I have so denied, emphatically and outraged. Both in the book and in his NYR exchange with the Schneirs, Radosh attributes to me the opposite of what I told him. He declares, in the exchange: “Max Gordon gave us background on how Communists in general who had been recruited for spying were handled by the American CP.” In the book, he quotes me directly as saying that anyone who became a Soviet spy was separated from the Party.

What is the actual fact? Radosh called me some five years ago, as a friend I thought, to ask if I knew anything about the Rosenbergs. He indicated he was preparing an article, as I recall it, marking the 25th anniversary of the execution; no mention was made of an interview for a book.
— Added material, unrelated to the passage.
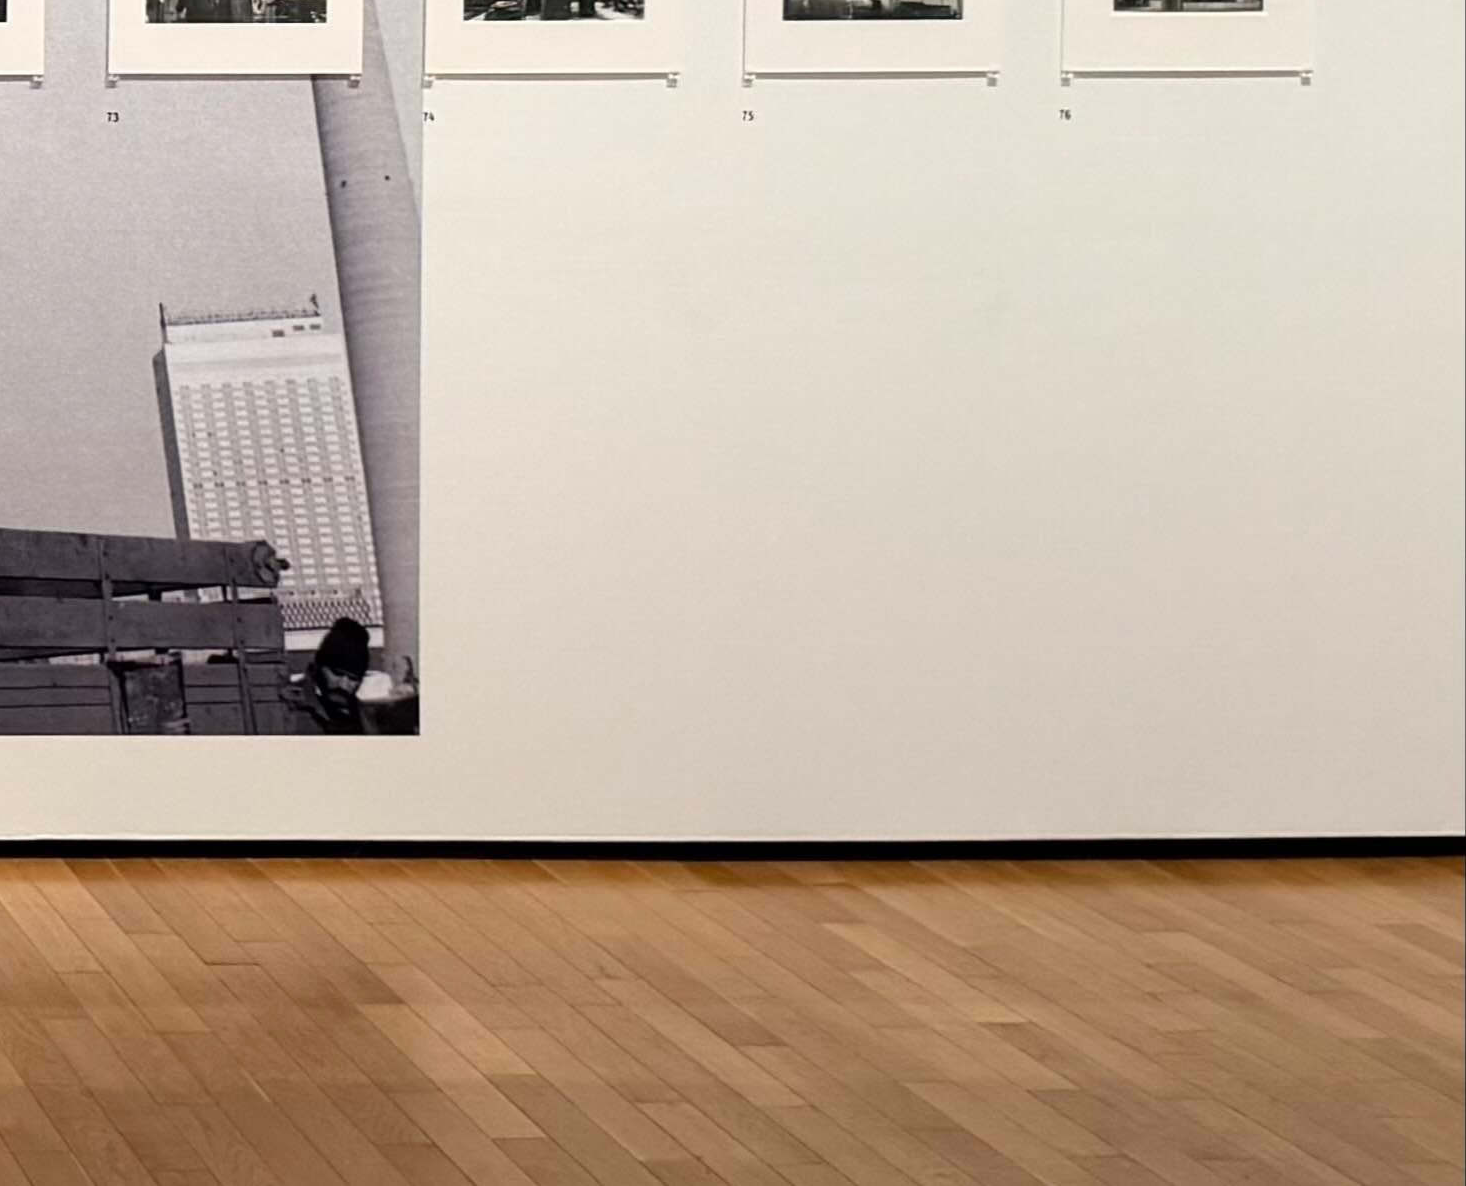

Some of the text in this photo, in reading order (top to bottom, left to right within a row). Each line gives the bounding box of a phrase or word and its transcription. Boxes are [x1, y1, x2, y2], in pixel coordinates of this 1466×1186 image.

[106, 111, 120, 123] 73
[422, 111, 435, 122] 74
[742, 110, 755, 122] 75
[1059, 109, 1072, 121] 76
I replied that I knew nothing of the Rosenbergs and had not heard of them before their arrest in 1950. To a more general question about party policy concerning separation of spies from membership, I responded that I had never heard of any association of the party with spying, never came across it in any fashion and doubted the existence of such an association. I had been an active communist for nearly thirty years and left early in 1958 for reasons I’ve amply described elsewhere.

Radosh pressed me with a hypothetical question: supposing a party member should become a spy, would he drop out of the party? Having established that I had never heard of any association between the party and spying, I responded idly that I would assume so. Note that this bit of abstract speculation, unrelated to any knowledge or experience, is translated by Radosh into a statement of party policy on spying. It thus infers that I knew of such spying, and that I was aware that the party had such knowledge, when I told him unequivocally that I did not.
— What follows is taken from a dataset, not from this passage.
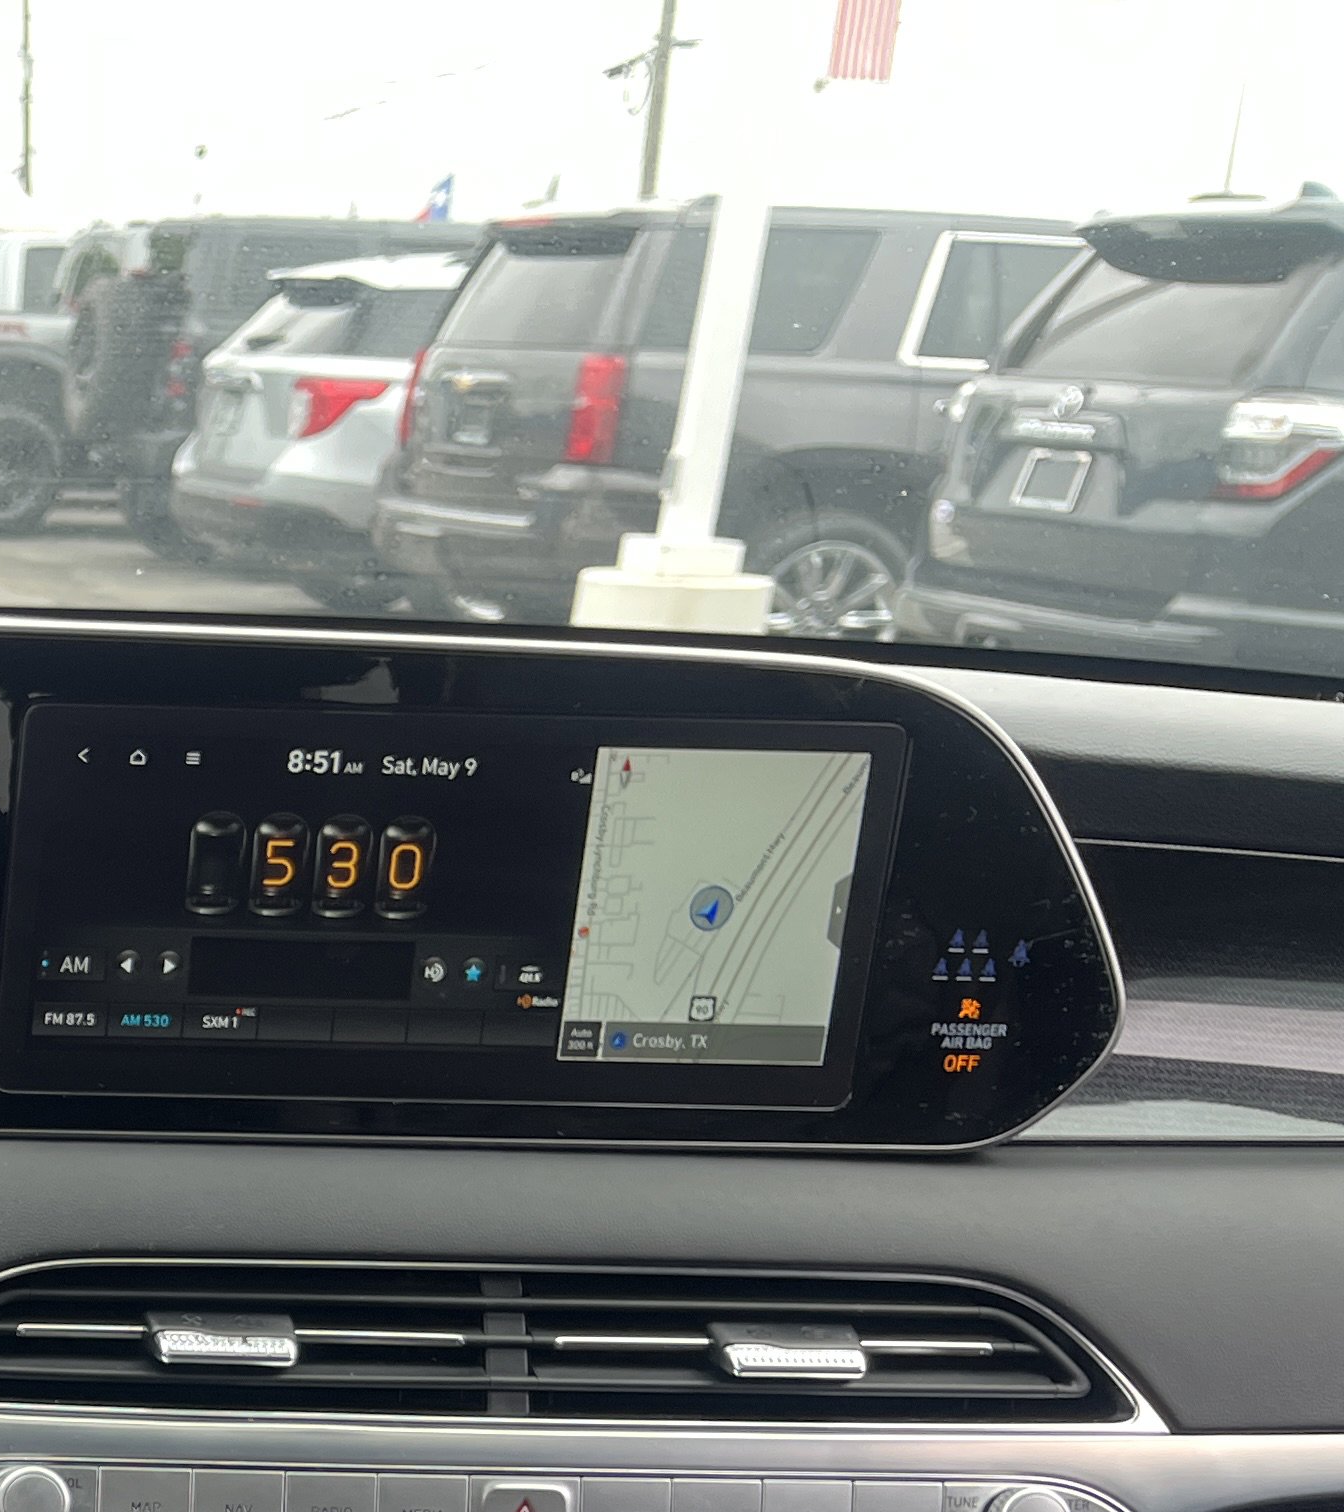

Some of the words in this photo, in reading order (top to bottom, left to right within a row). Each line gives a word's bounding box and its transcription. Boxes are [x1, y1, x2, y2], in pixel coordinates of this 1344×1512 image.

Since I also told Radosh, as he acknowledges, that I knew nothing of the Rosenbergs, he proceeded to fashion a general principle of party behavior: “Party leaders were generally aware of the existence of these illegal activities and sometimes condoned them at a distance but looked the other way when it came to the specifics.” No evidence is needed, of course, for such glib generalizations, in which Radosh indulges freely. And again, it contradicts directly what I told him of my own experience.

In further speculative chit-chat during our 1978 phone conversation, Radosh and I agreed that the Soviet Union no doubt recruited spies among non-communists and that during World War II, when the USSR bore the brunt of the fighting against Nazi Germany, a dedicated Soviet sympathizer in the party might conceivably have been moved to offer his services.

Plainly, this is not the stuff of historical evidence; my 1978 speculations about hypothetical situations in the 1940s were no more informed or related to fact than those of anyone who had never had a party association. Yet in his book, Radosh uses my past association to invest these speculations with a spurious authority in order to prop up his case against the Rosenbergs.

His burden is a heavy one. By his distortions he charges me with lending credence to what I’ve always considered a large witch-hunting canard about the Communists and Soviet spying. The dramatic propagation of this canard was, I believe, a major cold war motive for the Rosenberg case and the death penalty. I can only speculate about Radosh’s motive in so distorting my words to the same end today.

Max Gordon

New York City

To the Editors:

In his riposte to the Schneirs’ rebuttal in these pages, Ronald Radosh tries to explain away his illegitimate and suspicious footnoting system in The Rosenberg File by asserting that he was denied access to the Meeropol copy of the FBI files on the Rosenberg case by the Fund for Open Information and Accountability, Inc. (FOIA, Inc.) and was forced to use the documents in the FBI Reading Room in Washington, D.C.

The denied access part of this tale is true but requires some explanation. The suggestion that this denial has any bearing on footnoting is utterly false. The documents are the same whichever copy is consulted. The FBI’s numbering system was devised by the FBI and is affixed to each document by them. Scholars who are prepared to submit their work to the scrutiny of competent professionals cite these serial numbers. Those who don’t invite the conclusion that they want to make source checking as difficult as possible.

As to the matter of access to the Meeropol copy of the FBI files on the Rosenberg case, it is true that after they had been given access to the files for a few weeks during the summer of 1978, FOIA, Inc.’s Research Director denied them further access for the following reason.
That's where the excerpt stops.